A Supreme Court judge has lashed radical Islam while sentencing a teen terrorist whose plot to attack police in western Sydney with pig hunting knives was thwarted.

The 18-year-old, who cannot be named for legal reasons, was convicted after pleading not guilty to charges of planning or carrying out acts in preparation of a terrorist attack.

He was sentenced today to 16 years imprisonment and will be eligible for parole in October 2028.

When deliberating the teen jihadi’s sentence today, Justice Geoffrey Bellew said:

“He was corrupted, and motivated to act as he did, by an extreme and perverted ideology which advocated the commission of serious acts of violence upon innocent and law abiding members of the community.

“It has been observed on many occasions that such an ideology has no place in any civilised society.

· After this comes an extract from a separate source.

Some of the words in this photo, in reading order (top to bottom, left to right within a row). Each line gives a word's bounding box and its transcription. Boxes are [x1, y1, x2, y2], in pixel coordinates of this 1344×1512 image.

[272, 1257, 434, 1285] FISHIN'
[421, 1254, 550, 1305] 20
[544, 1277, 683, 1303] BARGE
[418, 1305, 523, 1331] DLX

It is fundamentally contrary to the peaceful, ordered and democratic way of life that the citizens of this country have rightfully grown to protect and cherish.”

On October 6, 2016, the teen and a friend bought two pig hunting knives at gun store in Bankstown.

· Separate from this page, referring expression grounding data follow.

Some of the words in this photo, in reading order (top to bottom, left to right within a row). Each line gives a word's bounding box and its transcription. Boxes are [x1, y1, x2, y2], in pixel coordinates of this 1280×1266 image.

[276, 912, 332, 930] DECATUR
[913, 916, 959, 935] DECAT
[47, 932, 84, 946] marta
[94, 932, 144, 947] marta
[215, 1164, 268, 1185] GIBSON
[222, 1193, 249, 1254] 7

Six days later they returned to purchase two “M-9 Bayonet” knives, each of which had a fixed blade with a partially serrated edge.

The convicted terrorist then hid the knives in the backpack of his friend before they went into the bathroom of a nearby Islamic prayer hall.

Police were called and the boy yelled:

“You’re all pigs … look at you, like lambs to the slaughter … you will all die in the hell fire at the hands of Allah … you will be slaughtered at the hands of Allah.”

The boy has previously told the court that he intended to use the knives for hunting and intended to go on a wildlife adventure.

Forensic analysis of the boy’s search history found he had downloaded the extremist magazine Rumiya, published by IS.

The two issues found in his possession tendered as evidence contained articles encouraging readers to commit terrorist attacks in Australia as well as how and the best type of knife to use to kill nonbelievers.

The cover of the issue featured a bloody knife and contained an article titled “Just Terror Tactics” that recommended using knifes with serrated blades and good grip, similar to the knifes bought by the offender.

The court has heard the boy was kicked out of home by his mother when he was around 15 years of age after his parents went through an acrimonious separation. The boy went to live with his father but was forced to leave due to tension between him and his dad’s new partner and her daughters. As a solution his father told him to live alone in his unit in Villawood.

The offender has previously told the court he was pressured into radical Islam by the people around him, but this was rejected by Justice Bellew.

The convicted terrorist has said he plans to use his time in prison studying.

He will serve the first three years of his sentence in a juvenile detention centre.

The young man waved goodbye to a supporter and his lawyer after the judge delivered his sentence. His father refused to speak to media.